_PROBLEM REQUIREMENTS:_ An exact copy of the listing below is required, minus its pictures.

DATASET EXCERPTS below:

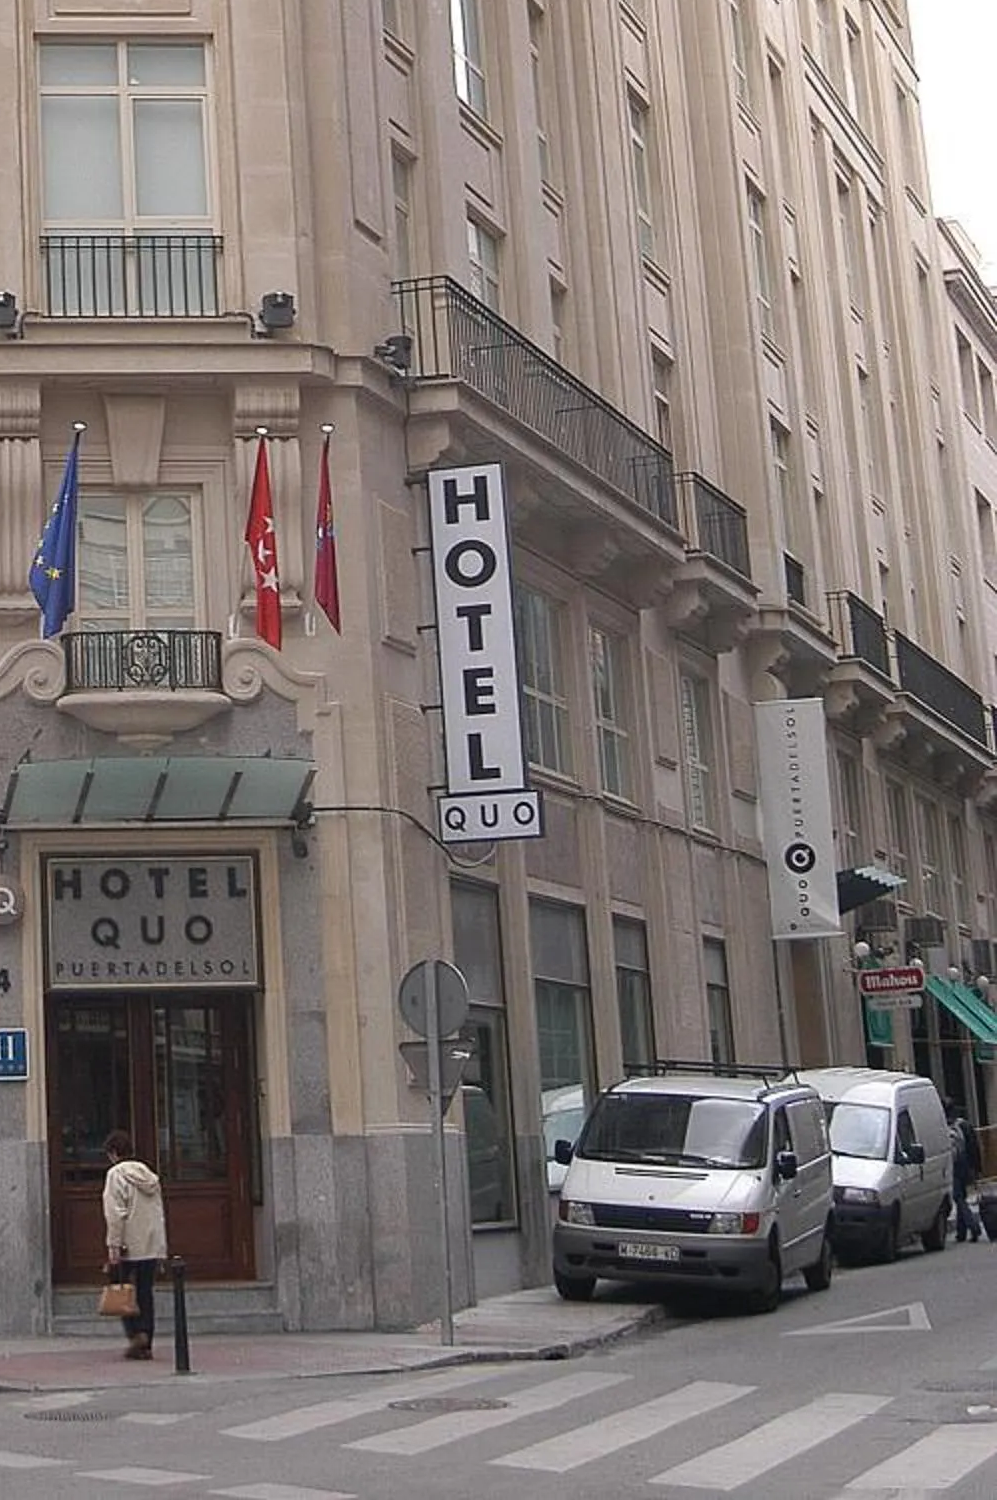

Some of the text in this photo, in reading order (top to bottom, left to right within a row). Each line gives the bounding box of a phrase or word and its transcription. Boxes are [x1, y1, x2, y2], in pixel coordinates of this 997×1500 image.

[442, 475, 502, 781] HOTEL
[444, 801, 535, 832] QUO
[53, 867, 247, 900] HOTEL
[798, 879, 811, 917] QUO
[90, 915, 214, 949] QUO
[56, 959, 250, 977] PUERTADELSOL
[865, 972, 919, 990] Mahou

End of DATASET EXCERPTS.

_WRITTEN RESPONSE:_
Some of the text in this photo, in reading order (top to bottom, left to right within a row). Each line gives the bounding box of a phrase or word and its transcription. Boxes are [x1, y1, x2, y2], in pixel coordinates of this 997×1500 image.

[442, 475, 502, 781] HOTEL
[444, 801, 535, 832] QUO
[53, 867, 247, 900] HOTEL
[798, 879, 811, 917] QUO
[90, 915, 214, 949] QUO
[56, 959, 250, 977] PUERTADELSOL
[865, 972, 919, 990] Mahou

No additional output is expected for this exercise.